> [REQUIRED WORK] Each record that follows is to be duplicated exactly, though its pictures are not.

Images for object localization:
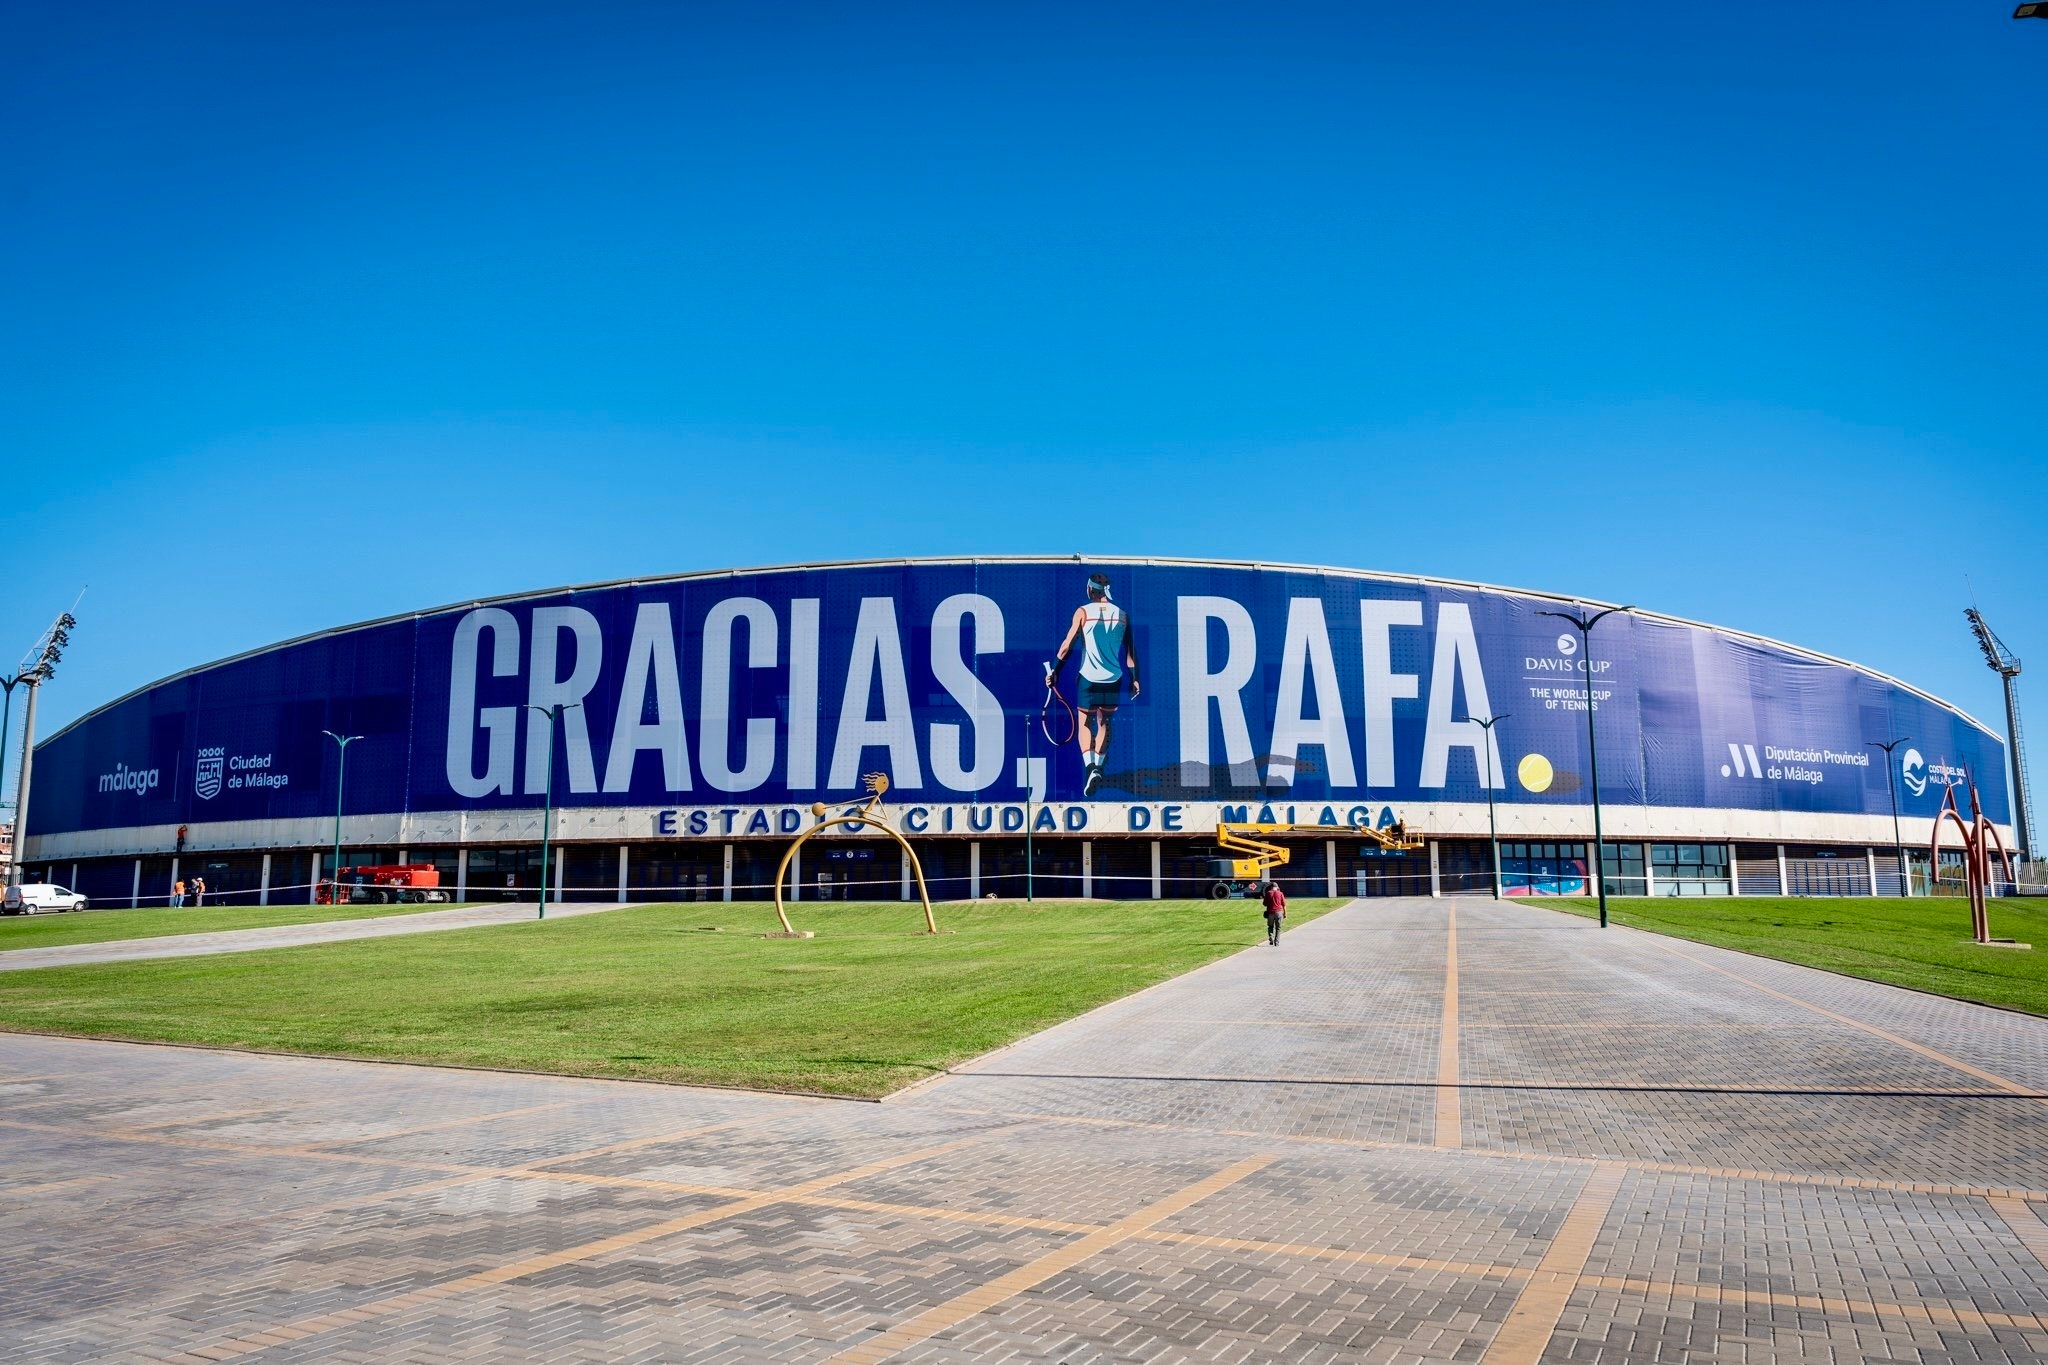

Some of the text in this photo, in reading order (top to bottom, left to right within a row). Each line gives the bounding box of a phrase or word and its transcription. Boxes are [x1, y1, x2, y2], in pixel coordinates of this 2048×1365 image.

[1525, 657, 1573, 672] DAVIS
[446, 593, 1506, 803] GRACIAS, RAFA
[1530, 687, 1611, 700] THE WORLD CUP
[1545, 699, 1598, 711] OF TENNS
[229, 753, 272, 770] Ciudad
[1765, 745, 1869, 766] Diputación Provincial
[1767, 766, 1823, 785] de Málaga
[1928, 764, 1946, 775] COST
[1956, 767, 1967, 777] SOL
[227, 772, 289, 789] de Málaga
[907, 805, 1088, 832] CIUDAD
[1130, 805, 1184, 831] DE
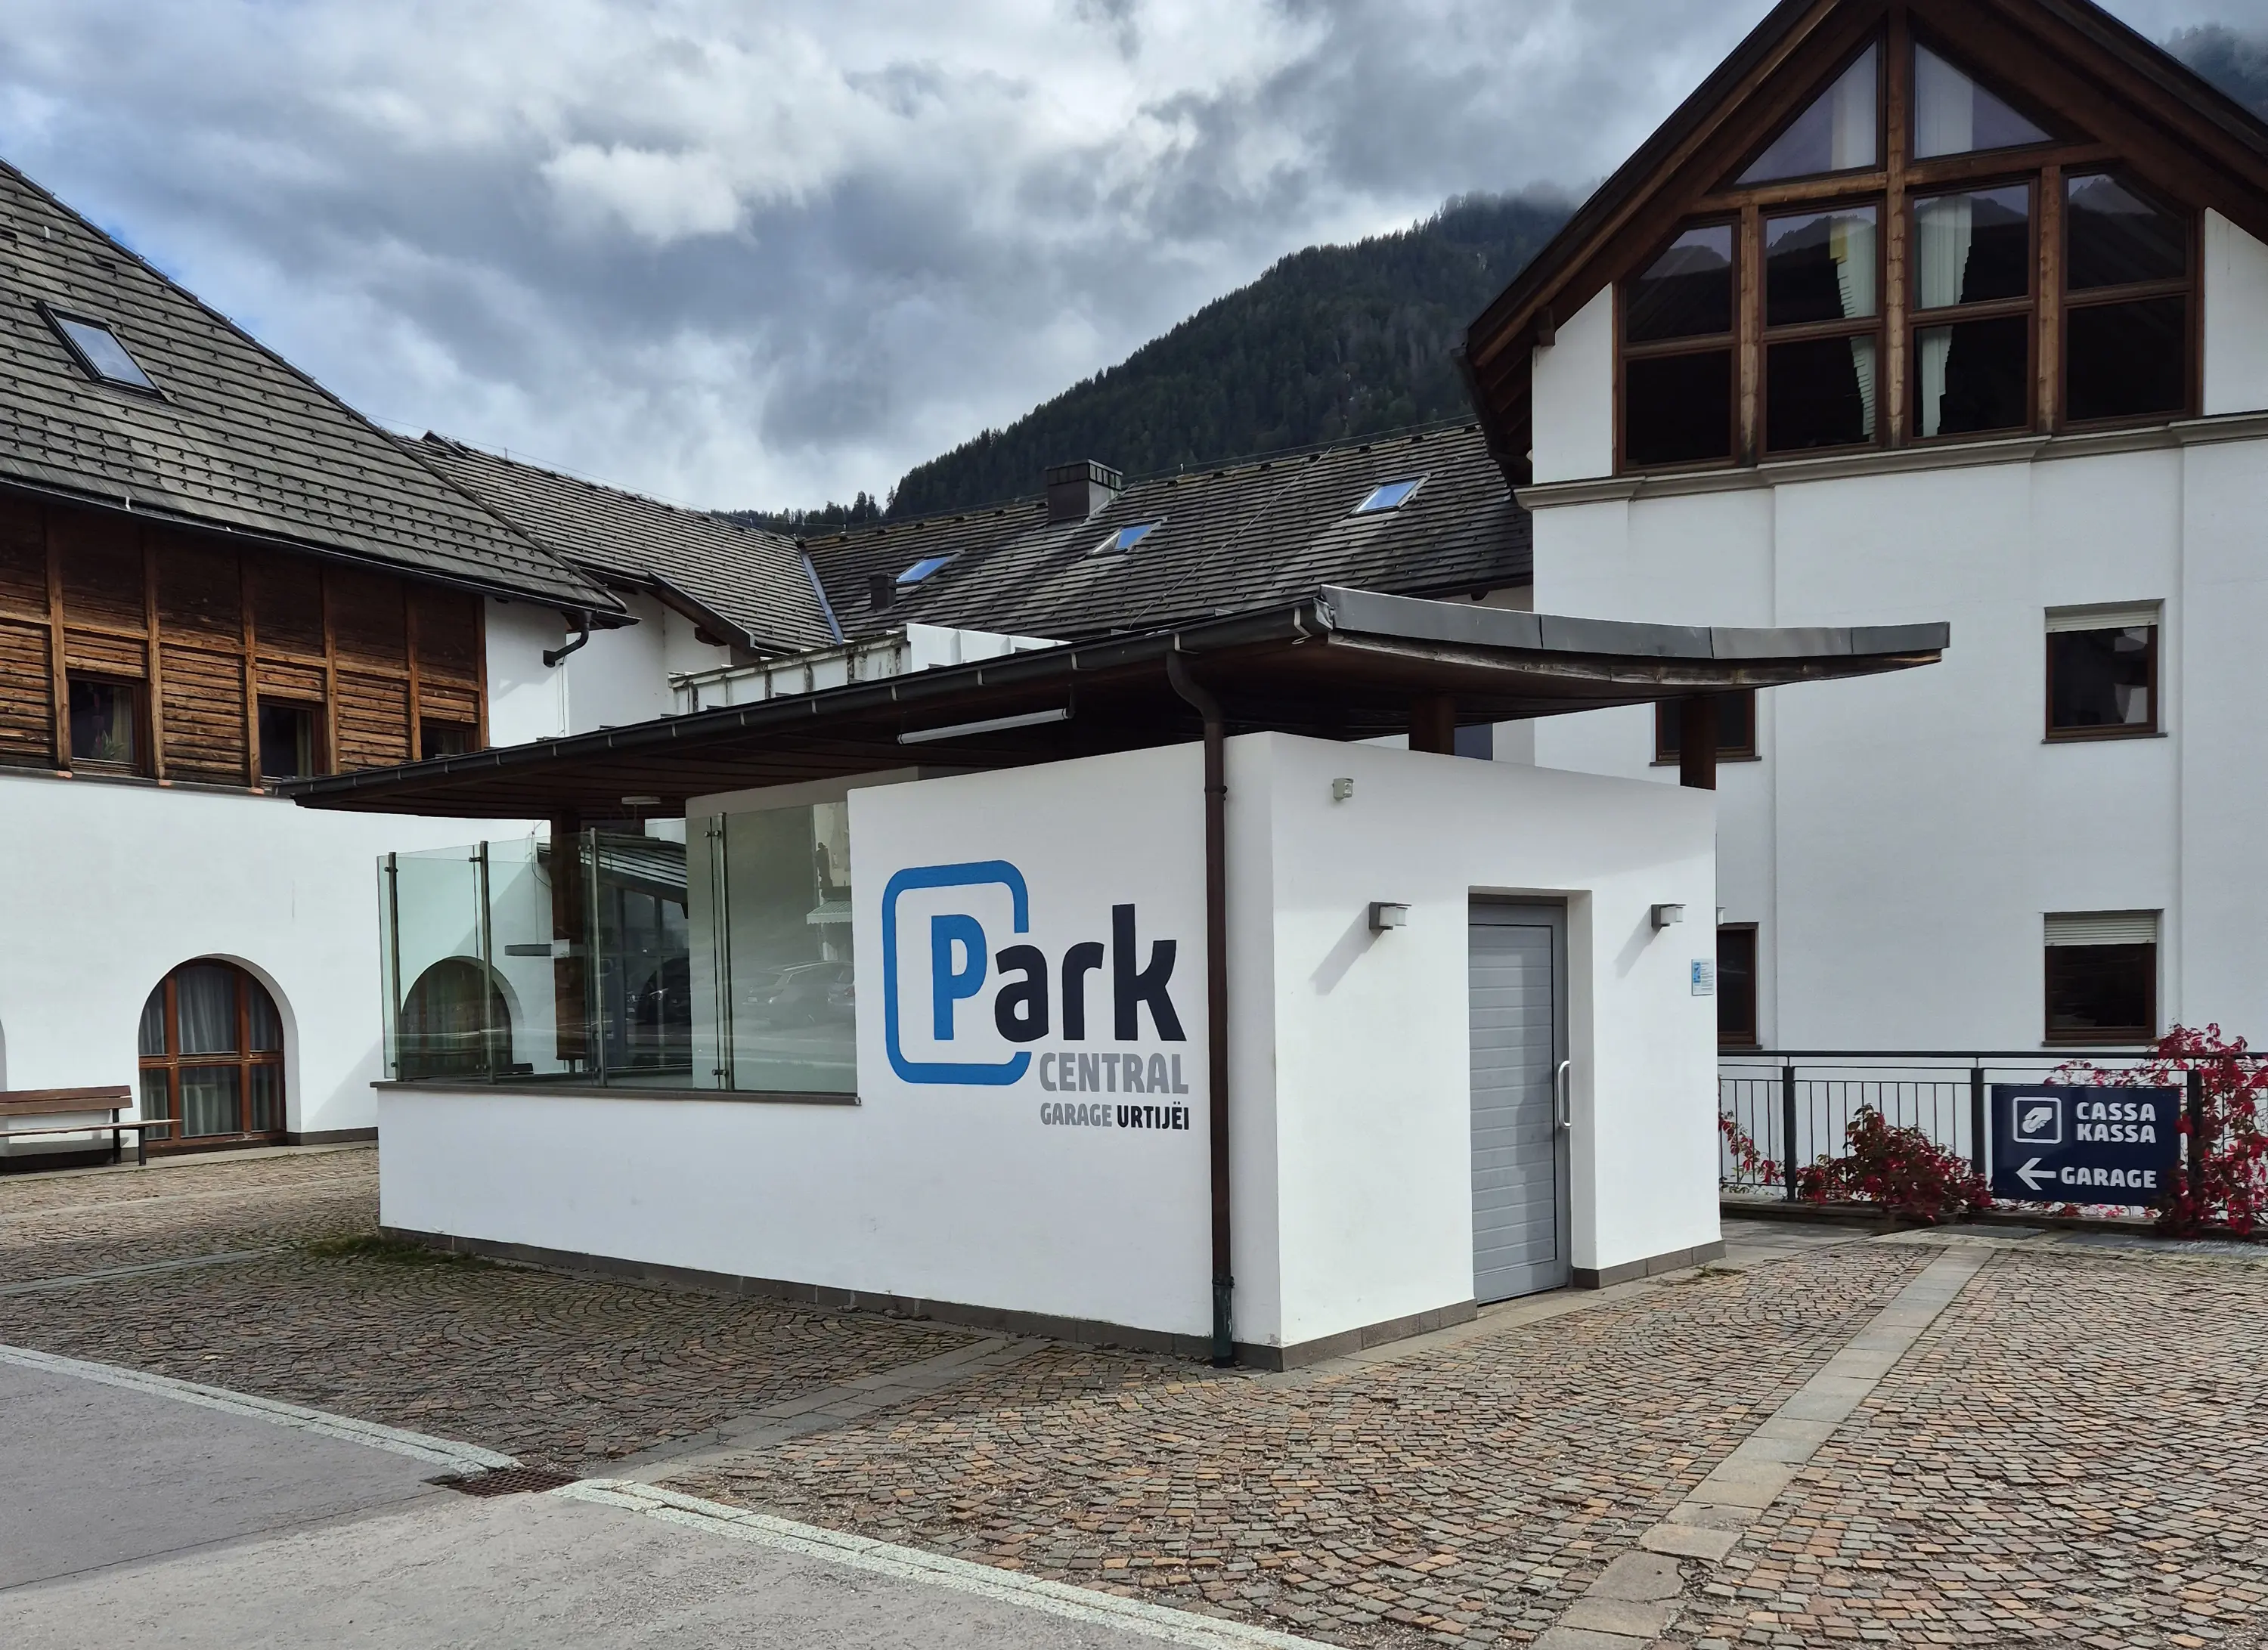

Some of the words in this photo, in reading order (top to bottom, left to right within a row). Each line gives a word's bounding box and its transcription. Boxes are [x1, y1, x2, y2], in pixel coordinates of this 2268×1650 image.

[931, 903, 1187, 1042] Park
[1040, 1052, 1189, 1094] CENTRAL
[1040, 1102, 1112, 1126] GARAGE
[1117, 1101, 1189, 1129] URTIJËI
[2076, 1101, 2156, 1122] CASSA
[2077, 1123, 2157, 1144] KASSA
[2061, 1166, 2157, 1188] GARAGE

> [RESPONSE BELOW]
Some of the text in this photo, in reading order (top to bottom, left to right within a row). Each line gives the bounding box of a phrase or word and its transcription. Boxes are [x1, y1, x2, y2], in pixel coordinates of this 2048×1365 image.

[1525, 657, 1573, 672] DAVIS
[446, 593, 1506, 803] GRACIAS, RAFA
[1530, 687, 1611, 700] THE WORLD CUP
[1545, 699, 1598, 711] OF TENNS
[229, 753, 272, 770] Ciudad
[1765, 745, 1869, 766] Diputación Provincial
[1767, 766, 1823, 785] de Málaga
[1928, 764, 1946, 775] COST
[1956, 767, 1967, 777] SOL
[227, 772, 289, 789] de Málaga
[907, 805, 1088, 832] CIUDAD
[1130, 805, 1184, 831] DE

Some of the words in this photo, in reading order (top to bottom, left to right within a row). Each line gives a word's bounding box and its transcription. Boxes are [x1, y1, x2, y2], in pixel coordinates of this 2268×1650 image.

[931, 903, 1187, 1042] Park
[1040, 1052, 1189, 1094] CENTRAL
[1040, 1102, 1112, 1126] GARAGE
[1117, 1101, 1189, 1129] URTIJËI
[2076, 1101, 2156, 1122] CASSA
[2077, 1123, 2157, 1144] KASSA
[2061, 1166, 2157, 1188] GARAGE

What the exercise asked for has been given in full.